The answer, it seems to me, is that looting is a way of exerting control over a situation — securing direct material gains for yourself or your community in an environment that presents a constant risk to your life, your livelihood, or your sanity. It’s opportunistic and sometimes violent, to be sure, but in the context of that environment it makes sense. There’s a reason comfortable Americans don’t lose their shyt every time Rick Grimes filches a can of beans on
The Walking Dead; what they don’t realize is that for many groups of people the structure of America is just as dangerous as the hordes of zombies that plague Rick and his friends.

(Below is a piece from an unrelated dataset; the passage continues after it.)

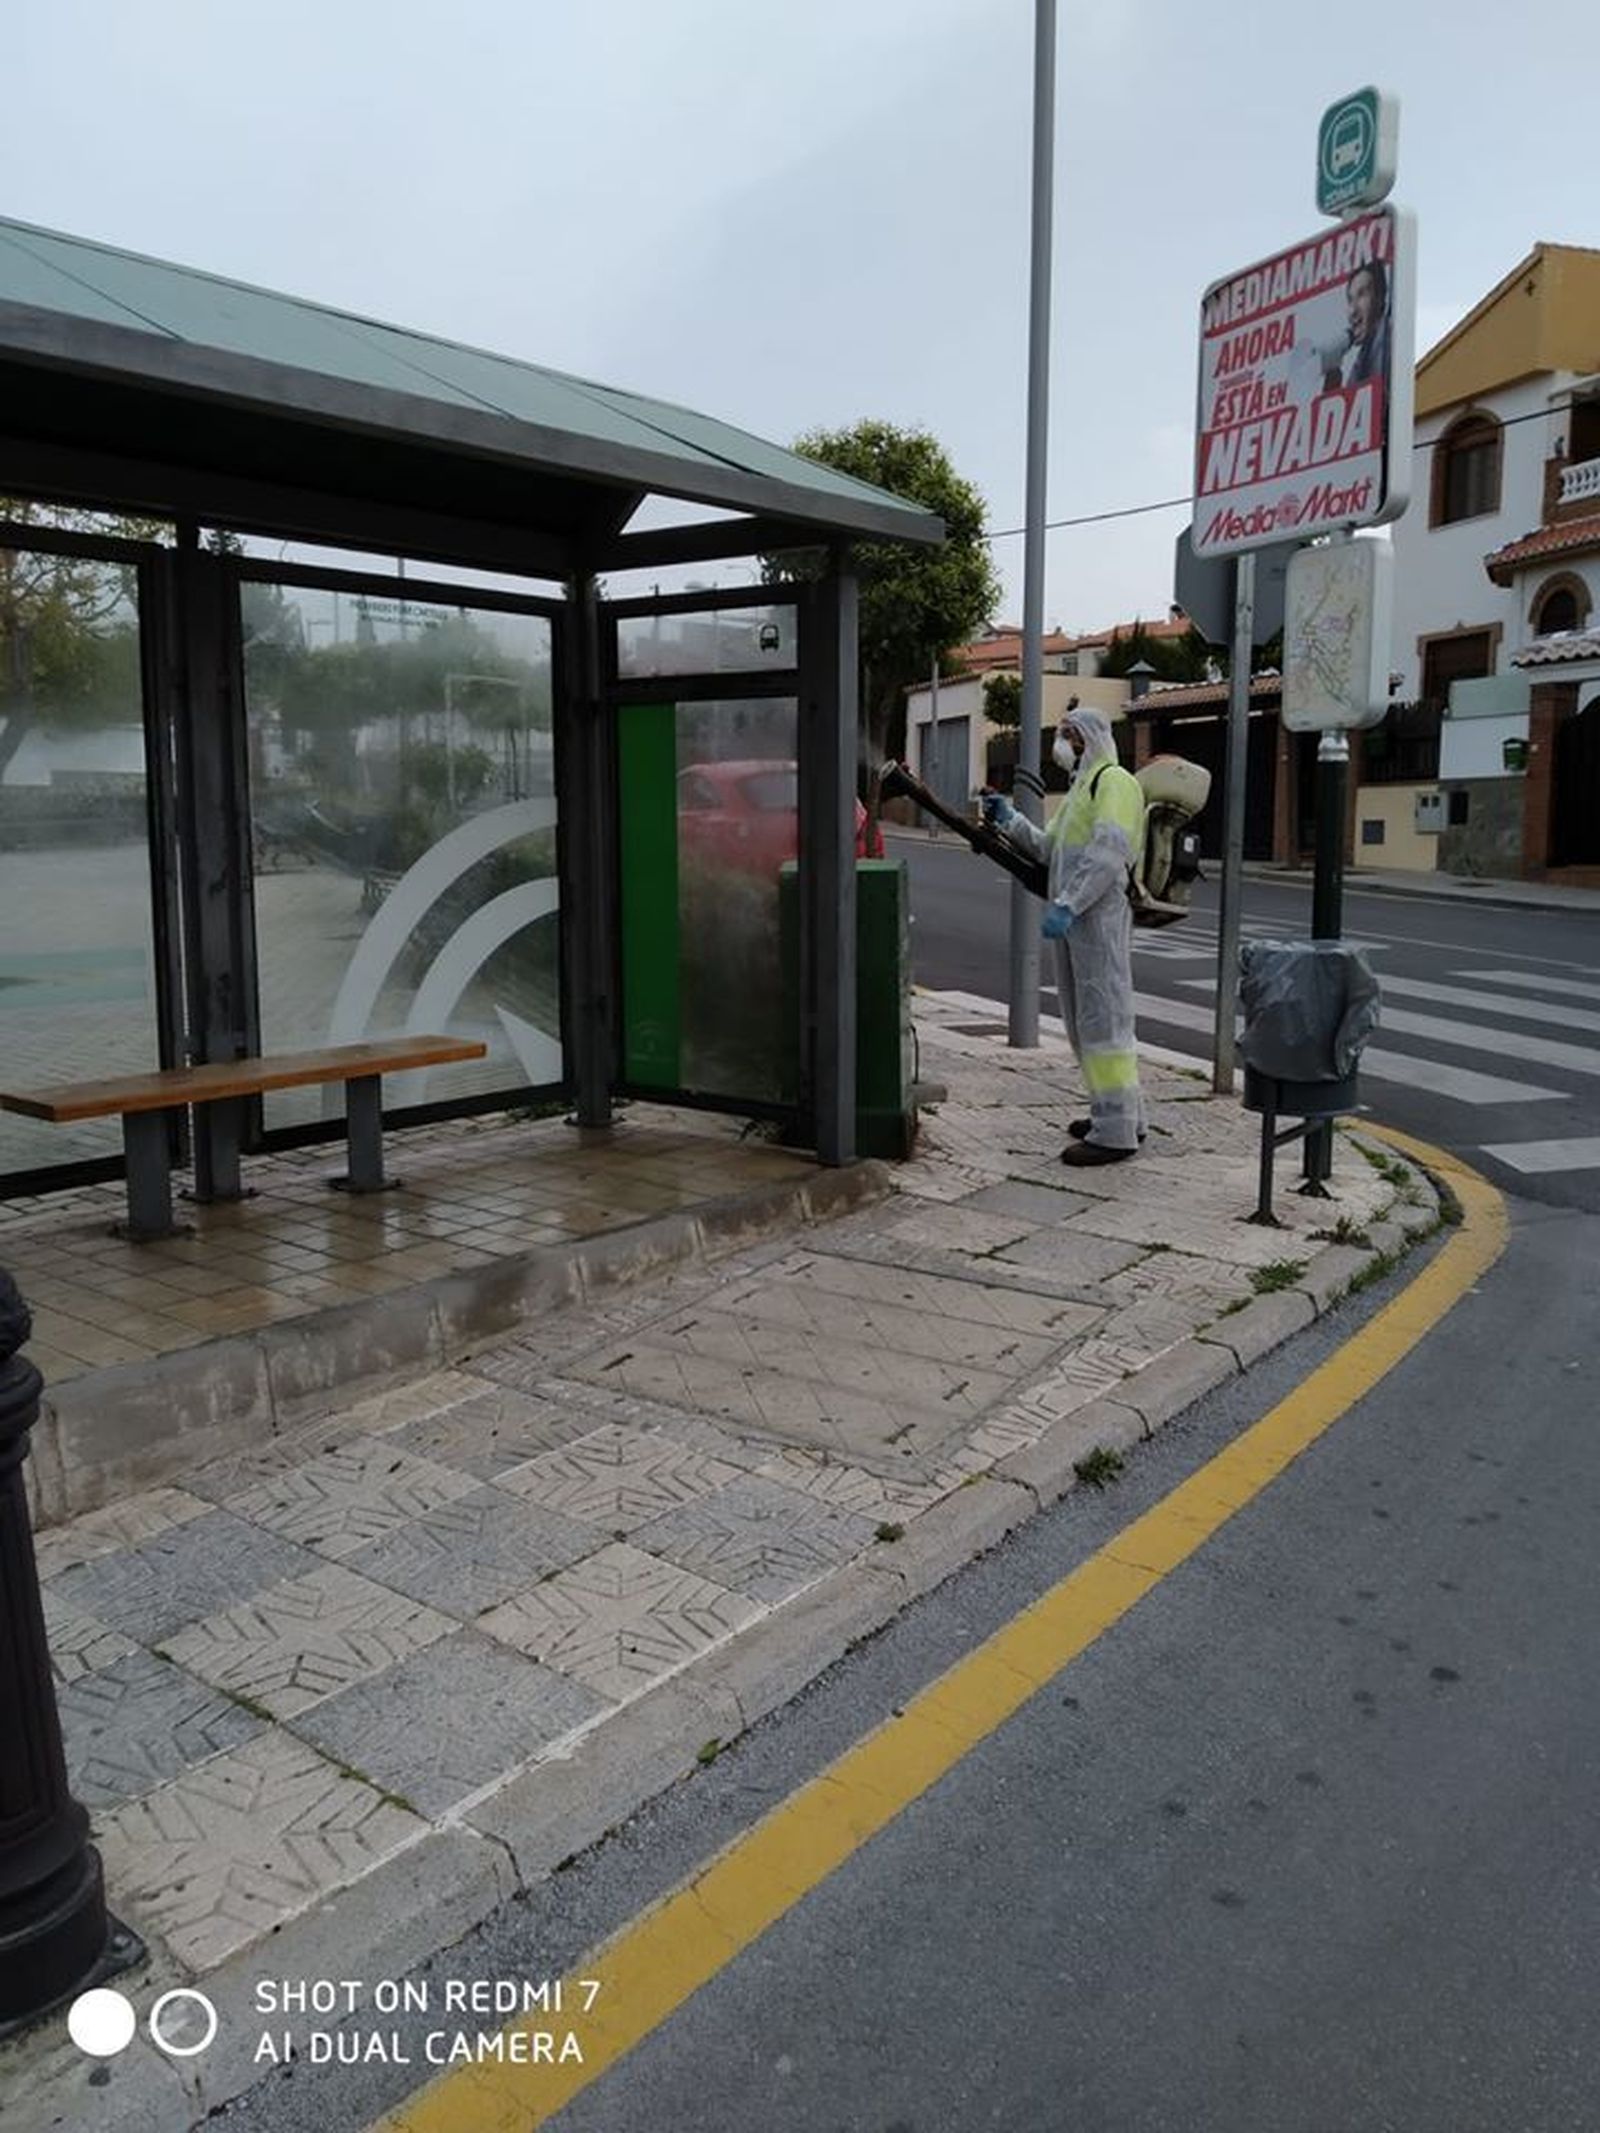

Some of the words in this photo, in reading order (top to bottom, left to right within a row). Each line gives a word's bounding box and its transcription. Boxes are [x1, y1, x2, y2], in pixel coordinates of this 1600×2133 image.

Target, AutoZone, DollarTree, Cub Foods — all of these businesses are emblematic of and supported by this system of white supremacy, which passes pain and violence down to poorer or browner communities through institutions constructed to ensure that the people America was designed for can live their lives unfettered by inconvenience or fear. These businesses are also not people, as Ashley Reese
pointed out earlier today in a fantastic piece for Jezebel:
Property is inanimate. It doesn’t breathe, it doesn’t have hopes, dreams, or mouths to feed. There are properties we cherish—our homes, our places of worship, buildings of historical and cultural significance. A Target is not one of these places, and neither is an Arby’s, a Wendy’s, an Aldi, an Autozone, or an empty construction site. It’s safe to say that the aforementioned establishments are better insured than many Americans.
She continues later:
For far too many Americans, it is easier to mourn the destruction of a series of chain stores, owned and operated by millionaires, than the death of a Black American. A stolen lamp is worthy of a kind of empathy that a black person could only dream of.